WHAT YOU SHOULD DO:
The entries that follow should come back exactly, with no pictures among them.

▶

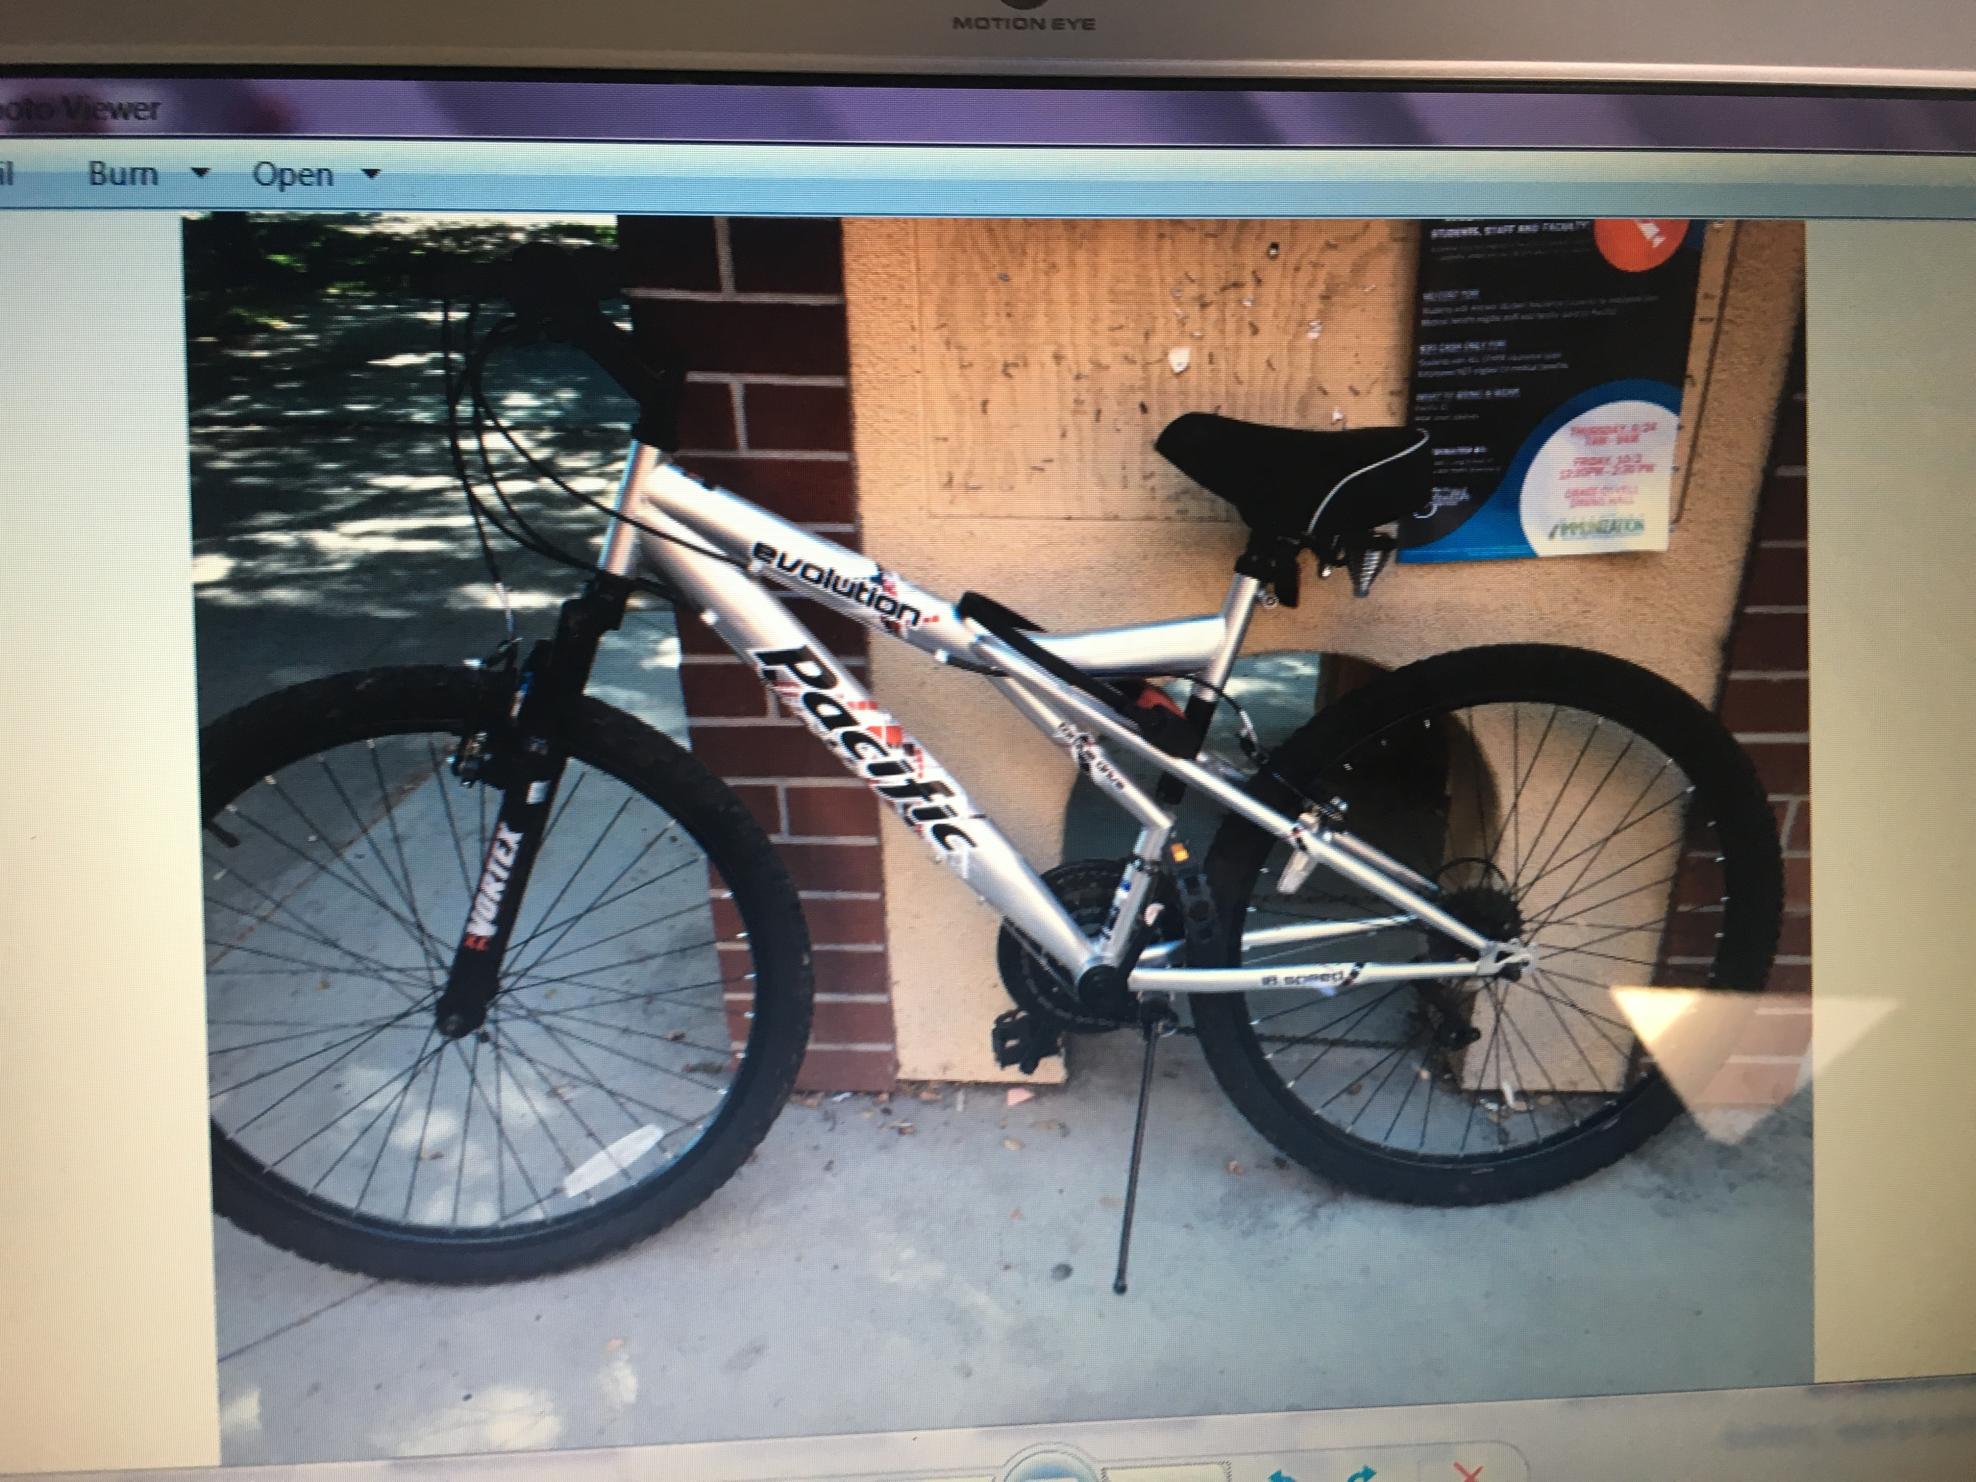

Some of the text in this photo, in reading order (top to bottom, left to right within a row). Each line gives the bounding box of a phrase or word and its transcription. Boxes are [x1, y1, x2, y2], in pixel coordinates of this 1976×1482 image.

[952, 17, 1097, 31] MOTION EYE
[0, 96, 161, 121] oto Viewer
[89, 160, 160, 187] Burn
[253, 160, 335, 192] Open
[752, 541, 921, 627] evolution
[753, 645, 977, 852] Pacific
[466, 824, 525, 937] VORTEX

◀

ANSWER FOR THIS EXERCISE:
Some of the text in this photo, in reading order (top to bottom, left to right within a row). Each line gives the bounding box of a phrase or word and its transcription. Boxes are [x1, y1, x2, y2], in pixel coordinates of this 1976×1482 image.

[952, 17, 1097, 31] MOTION EYE
[0, 96, 161, 121] oto Viewer
[89, 160, 160, 187] Burn
[253, 160, 335, 192] Open
[752, 541, 921, 627] evolution
[753, 645, 977, 852] Pacific
[466, 824, 525, 937] VORTEX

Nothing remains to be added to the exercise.